Provided data -
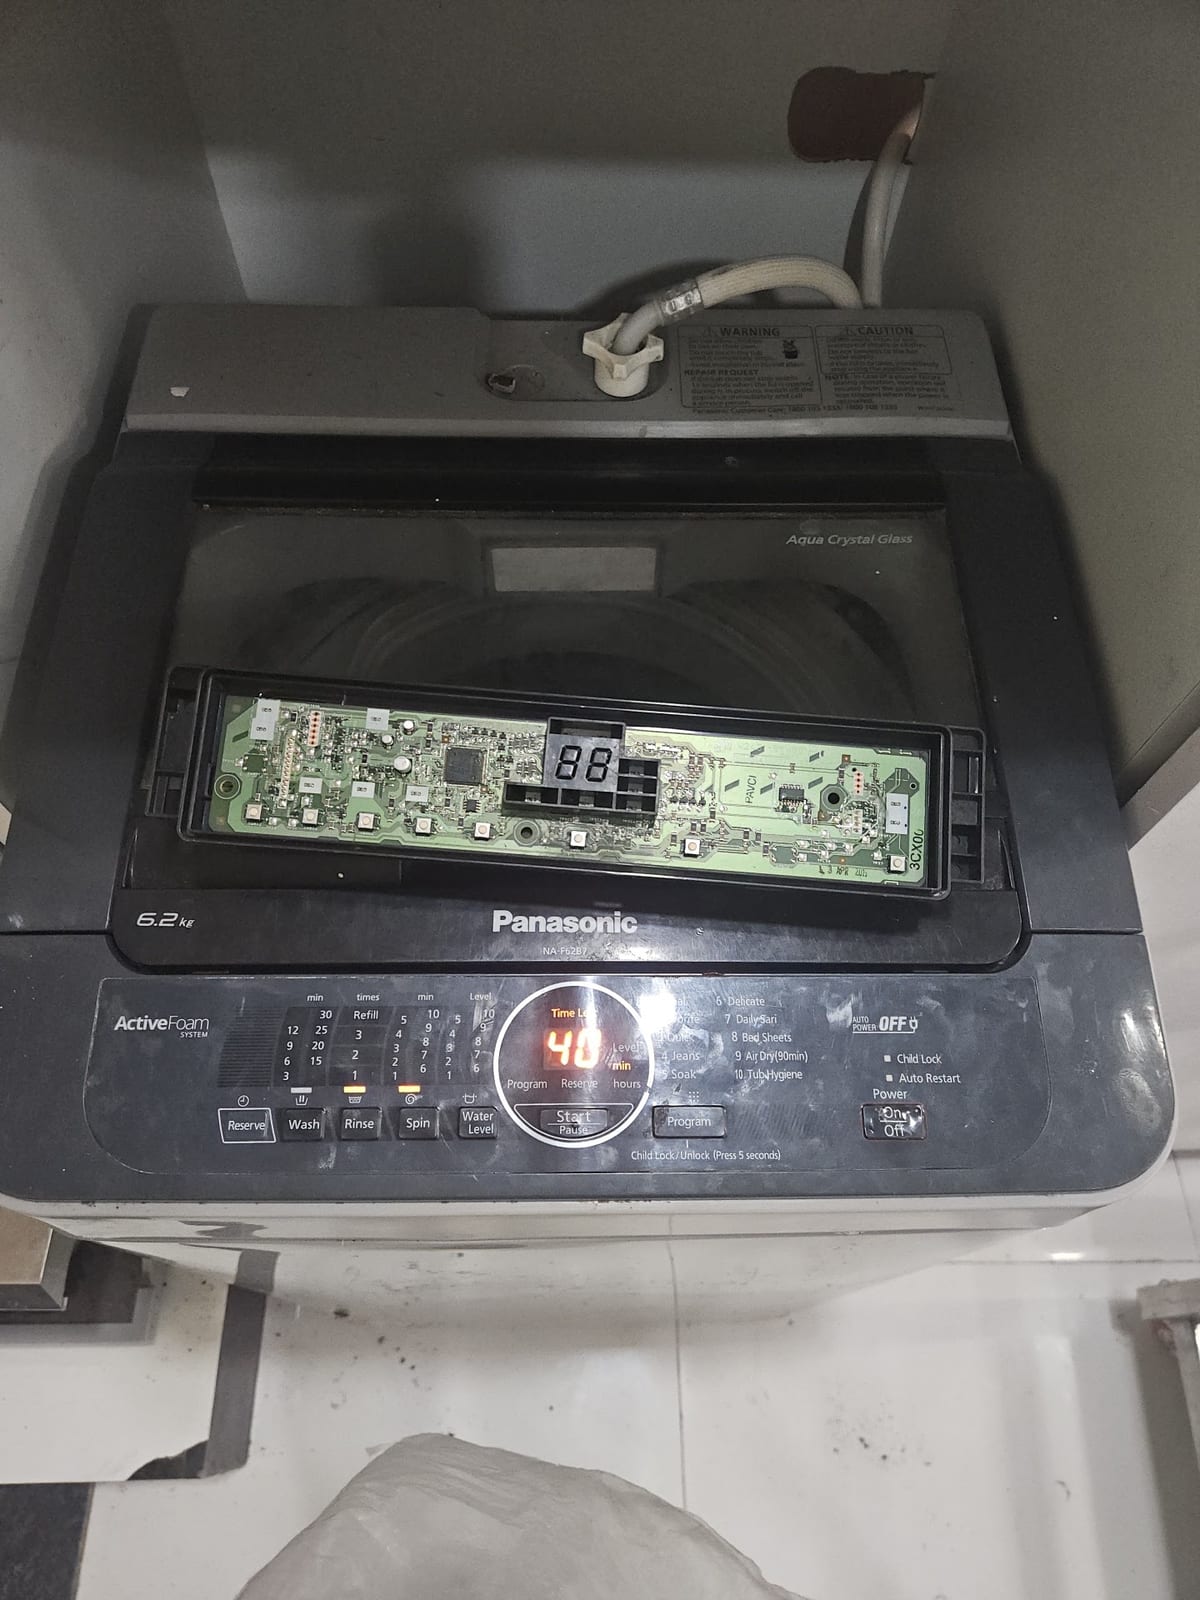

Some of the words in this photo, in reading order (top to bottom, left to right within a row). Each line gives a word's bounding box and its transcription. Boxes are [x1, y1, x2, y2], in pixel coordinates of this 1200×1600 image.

[720, 327, 780, 337] WARNING
[858, 326, 913, 336] CAUTION
[785, 535, 824, 547] Aqua
[827, 534, 875, 547] Crystal
[877, 533, 913, 544] Glass
[745, 775, 757, 804] PAVCI
[492, 909, 638, 933] Panasonic
[542, 946, 587, 956] NA-F62B7
[307, 993, 324, 1002] min
[356, 993, 380, 1001] times
[417, 993, 434, 1001] min
[469, 992, 492, 1001] Level
[716, 997, 722, 1006] 6
[728, 997, 765, 1006] Delicate
[319, 1010, 333, 1019] 30
[353, 1010, 379, 1020] Refill
[428, 1009, 440, 1019] 10
[483, 1009, 495, 1018] 10
[551, 1008, 575, 1018] Time
[401, 1015, 407, 1024] 5
[455, 1015, 461, 1024] 5
[725, 1014, 730, 1024] 7
[736, 1014, 758, 1025] Daily
[759, 1014, 777, 1024] Sari
[879, 1016, 907, 1031] OFF
[287, 1025, 299, 1035] 12
[315, 1025, 328, 1035] 25
[425, 1023, 432, 1033] 9
[480, 1023, 487, 1032] 9
[355, 1030, 362, 1040] 3
[395, 1029, 402, 1038] 4
[449, 1029, 456, 1038] 4
[732, 1032, 738, 1042] 8
[742, 1032, 759, 1042] Bed
[762, 1033, 792, 1042] Sheets
[286, 1041, 293, 1051] 9
[311, 1041, 325, 1050] 20
[422, 1037, 430, 1047] 8
[475, 1037, 482, 1046] 8
[393, 1043, 400, 1053] 3
[612, 1042, 639, 1052] Level
[352, 1050, 359, 1060] 2
[421, 1050, 428, 1060] 7
[474, 1050, 481, 1059] 7
[661, 1051, 667, 1060] 4
[672, 1052, 700, 1061] Jeans
[735, 1051, 742, 1061] 9
[760, 1051, 808, 1063] Dry(90min)
[896, 1054, 918, 1064] Child
[921, 1054, 942, 1064] Lock
[284, 1056, 291, 1066] 6
[310, 1056, 322, 1066] 15
[392, 1057, 399, 1067] 2
[445, 1056, 452, 1066] 2
[612, 1061, 631, 1071] min
[420, 1064, 427, 1073] 6
[473, 1063, 480, 1073] 6
[283, 1071, 289, 1081] 3
[352, 1070, 357, 1081] 1
[393, 1071, 397, 1081] 1
[447, 1071, 451, 1080] 1
[672, 1069, 697, 1079] Soak
[735, 1069, 743, 1079] 10
[748, 1070, 764, 1079] Tub
[766, 1070, 803, 1081] Hygiene
[899, 1074, 923, 1083] Auto
[926, 1074, 961, 1084] Restart
[507, 1079, 548, 1091] Program
[561, 1079, 598, 1088] Reserve
[613, 1079, 641, 1089] hours
[873, 1089, 908, 1099] Power
[462, 1111, 494, 1121] Water
[556, 1111, 591, 1123] Start
[884, 1106, 901, 1118] On
[228, 1120, 265, 1131] Reserve
[288, 1119, 320, 1130] Wash
[344, 1118, 374, 1129] Rinse
[406, 1118, 430, 1131] Spin
[667, 1117, 712, 1128] Program
[468, 1124, 494, 1135] Level
[559, 1126, 588, 1135] Pause
[884, 1124, 905, 1137] Off
[631, 1151, 652, 1160] Child
[713, 1150, 737, 1161] (Press
[739, 1151, 744, 1160] 5
[746, 1150, 781, 1161] seconds)

Exercise details - Transcribe the listing exactly. Its images are to be omitted.

Exercise solution -
Some of the words in this photo, in reading order (top to bottom, left to right within a row). Each line gives a word's bounding box and its transcription. Boxes are [x1, y1, x2, y2], in pixel coordinates of this 1200×1600 image.

[720, 327, 780, 337] WARNING
[858, 326, 913, 336] CAUTION
[785, 535, 824, 547] Aqua
[827, 534, 875, 547] Crystal
[877, 533, 913, 544] Glass
[745, 775, 757, 804] PAVCI
[492, 909, 638, 933] Panasonic
[542, 946, 587, 956] NA-F62B7
[307, 993, 324, 1002] min
[356, 993, 380, 1001] times
[417, 993, 434, 1001] min
[469, 992, 492, 1001] Level
[716, 997, 722, 1006] 6
[728, 997, 765, 1006] Delicate
[319, 1010, 333, 1019] 30
[353, 1010, 379, 1020] Refill
[428, 1009, 440, 1019] 10
[483, 1009, 495, 1018] 10
[551, 1008, 575, 1018] Time
[401, 1015, 407, 1024] 5
[455, 1015, 461, 1024] 5
[725, 1014, 730, 1024] 7
[736, 1014, 758, 1025] Daily
[759, 1014, 777, 1024] Sari
[879, 1016, 907, 1031] OFF
[287, 1025, 299, 1035] 12
[315, 1025, 328, 1035] 25
[425, 1023, 432, 1033] 9
[480, 1023, 487, 1032] 9
[355, 1030, 362, 1040] 3
[395, 1029, 402, 1038] 4
[449, 1029, 456, 1038] 4
[732, 1032, 738, 1042] 8
[742, 1032, 759, 1042] Bed
[762, 1033, 792, 1042] Sheets
[286, 1041, 293, 1051] 9
[311, 1041, 325, 1050] 20
[422, 1037, 430, 1047] 8
[475, 1037, 482, 1046] 8
[393, 1043, 400, 1053] 3
[612, 1042, 639, 1052] Level
[352, 1050, 359, 1060] 2
[421, 1050, 428, 1060] 7
[474, 1050, 481, 1059] 7
[661, 1051, 667, 1060] 4
[672, 1052, 700, 1061] Jeans
[735, 1051, 742, 1061] 9
[760, 1051, 808, 1063] Dry(90min)
[896, 1054, 918, 1064] Child
[921, 1054, 942, 1064] Lock
[284, 1056, 291, 1066] 6
[310, 1056, 322, 1066] 15
[392, 1057, 399, 1067] 2
[445, 1056, 452, 1066] 2
[612, 1061, 631, 1071] min
[420, 1064, 427, 1073] 6
[473, 1063, 480, 1073] 6
[283, 1071, 289, 1081] 3
[352, 1070, 357, 1081] 1
[393, 1071, 397, 1081] 1
[447, 1071, 451, 1080] 1
[672, 1069, 697, 1079] Soak
[735, 1069, 743, 1079] 10
[748, 1070, 764, 1079] Tub
[766, 1070, 803, 1081] Hygiene
[899, 1074, 923, 1083] Auto
[926, 1074, 961, 1084] Restart
[507, 1079, 548, 1091] Program
[561, 1079, 598, 1088] Reserve
[613, 1079, 641, 1089] hours
[873, 1089, 908, 1099] Power
[462, 1111, 494, 1121] Water
[556, 1111, 591, 1123] Start
[884, 1106, 901, 1118] On
[228, 1120, 265, 1131] Reserve
[288, 1119, 320, 1130] Wash
[344, 1118, 374, 1129] Rinse
[406, 1118, 430, 1131] Spin
[667, 1117, 712, 1128] Program
[468, 1124, 494, 1135] Level
[559, 1126, 588, 1135] Pause
[884, 1124, 905, 1137] Off
[631, 1151, 652, 1160] Child
[713, 1150, 737, 1161] (Press
[739, 1151, 744, 1160] 5
[746, 1150, 781, 1161] seconds)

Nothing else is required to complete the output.